• **THE PROBLEM**
Since the copy must hold text only, transcribe the data below exactly and omit the images.

***** DATA PROVIDED

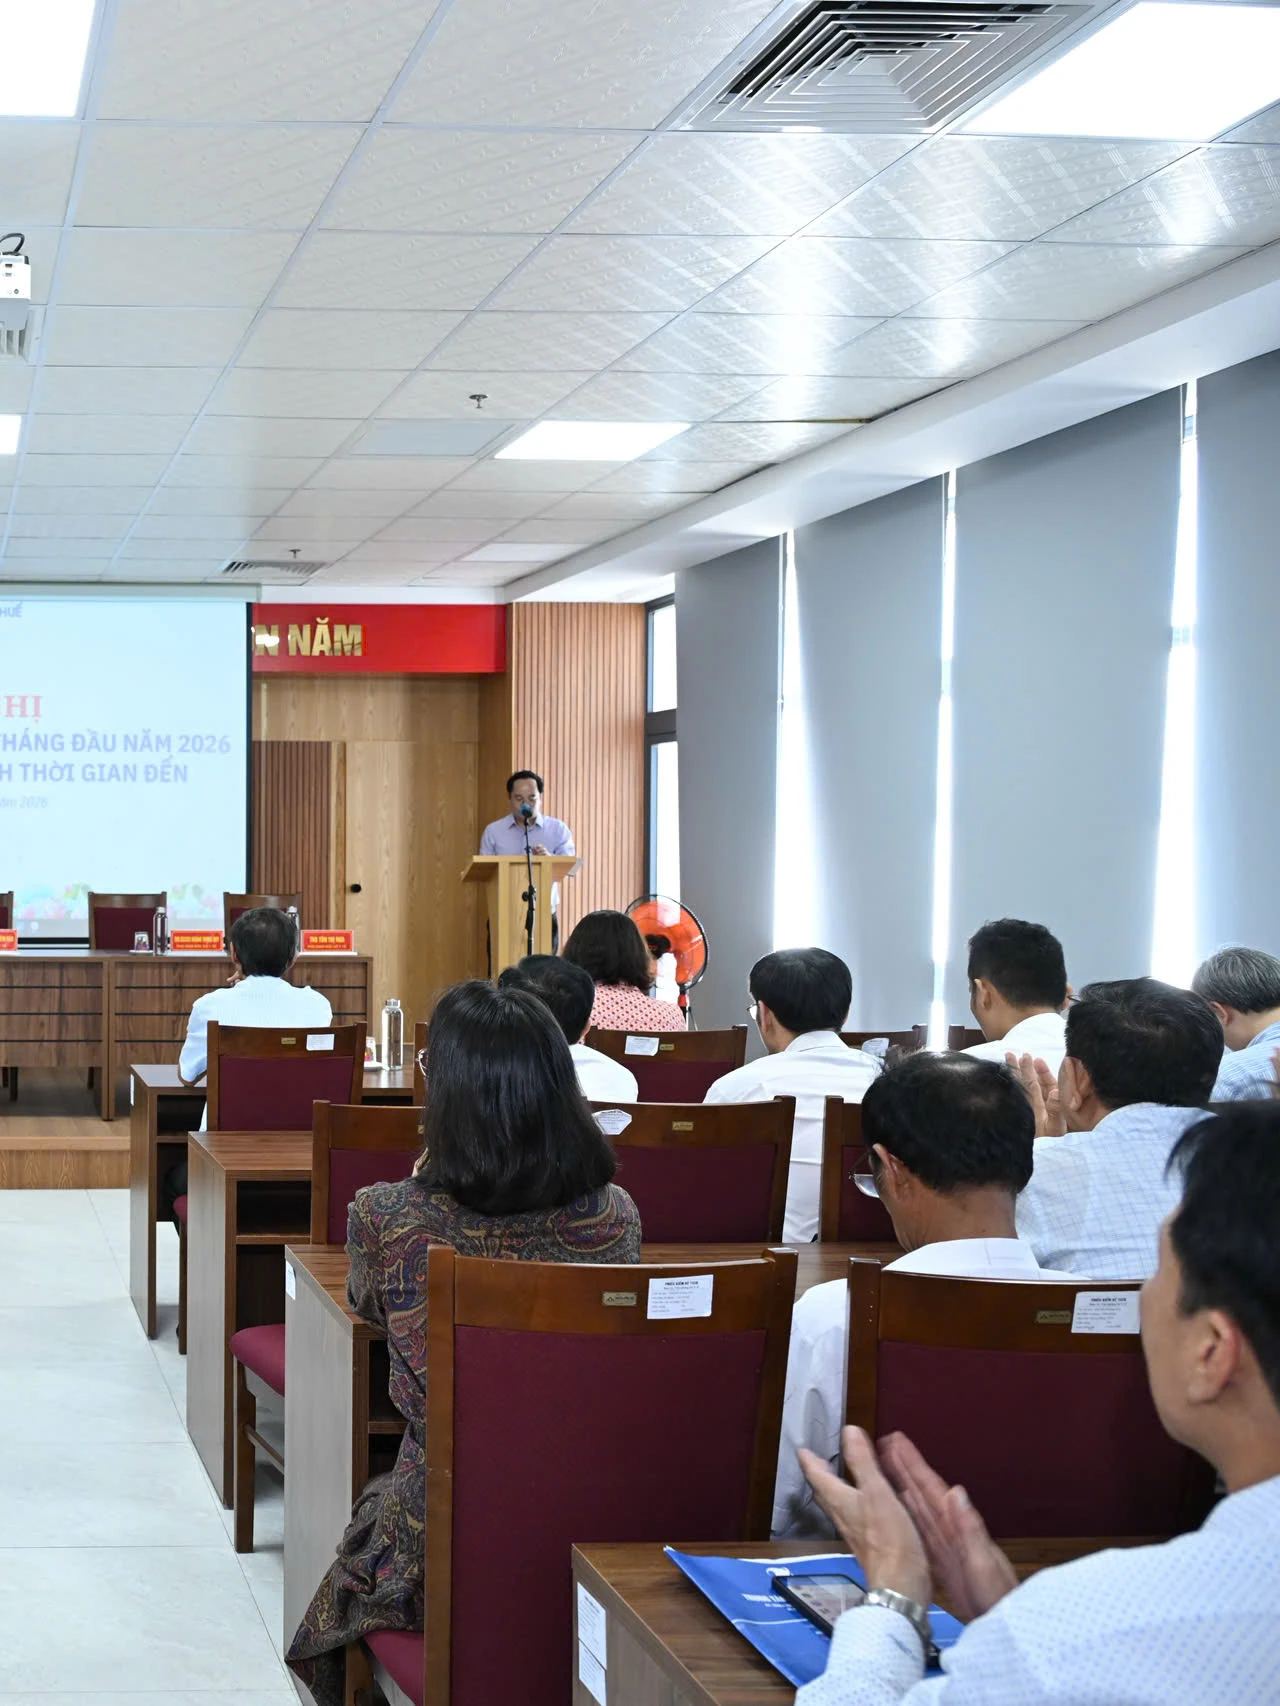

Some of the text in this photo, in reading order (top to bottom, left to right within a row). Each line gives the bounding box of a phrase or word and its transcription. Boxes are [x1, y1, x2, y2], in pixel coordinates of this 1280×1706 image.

[0, 600, 23, 618] HUẾ
[287, 617, 362, 657] NĂM
[70, 728, 117, 753] ĐẦU
[123, 728, 172, 753] NĂM
[177, 734, 232, 754] 2026
[18, 760, 75, 783] THỜI
[81, 763, 137, 783] GIAN
[143, 754, 189, 783] ĐẾN

**********

• **ANSWER BELOW**
Some of the text in this photo, in reading order (top to bottom, left to right within a row). Each line gives the bounding box of a phrase or word and its transcription. Boxes are [x1, y1, x2, y2], in pixel coordinates of this 1280×1706 image.

[0, 600, 23, 618] HUẾ
[287, 617, 362, 657] NĂM
[70, 728, 117, 753] ĐẦU
[123, 728, 172, 753] NĂM
[177, 734, 232, 754] 2026
[18, 760, 75, 783] THỜI
[81, 763, 137, 783] GIAN
[143, 754, 189, 783] ĐẾN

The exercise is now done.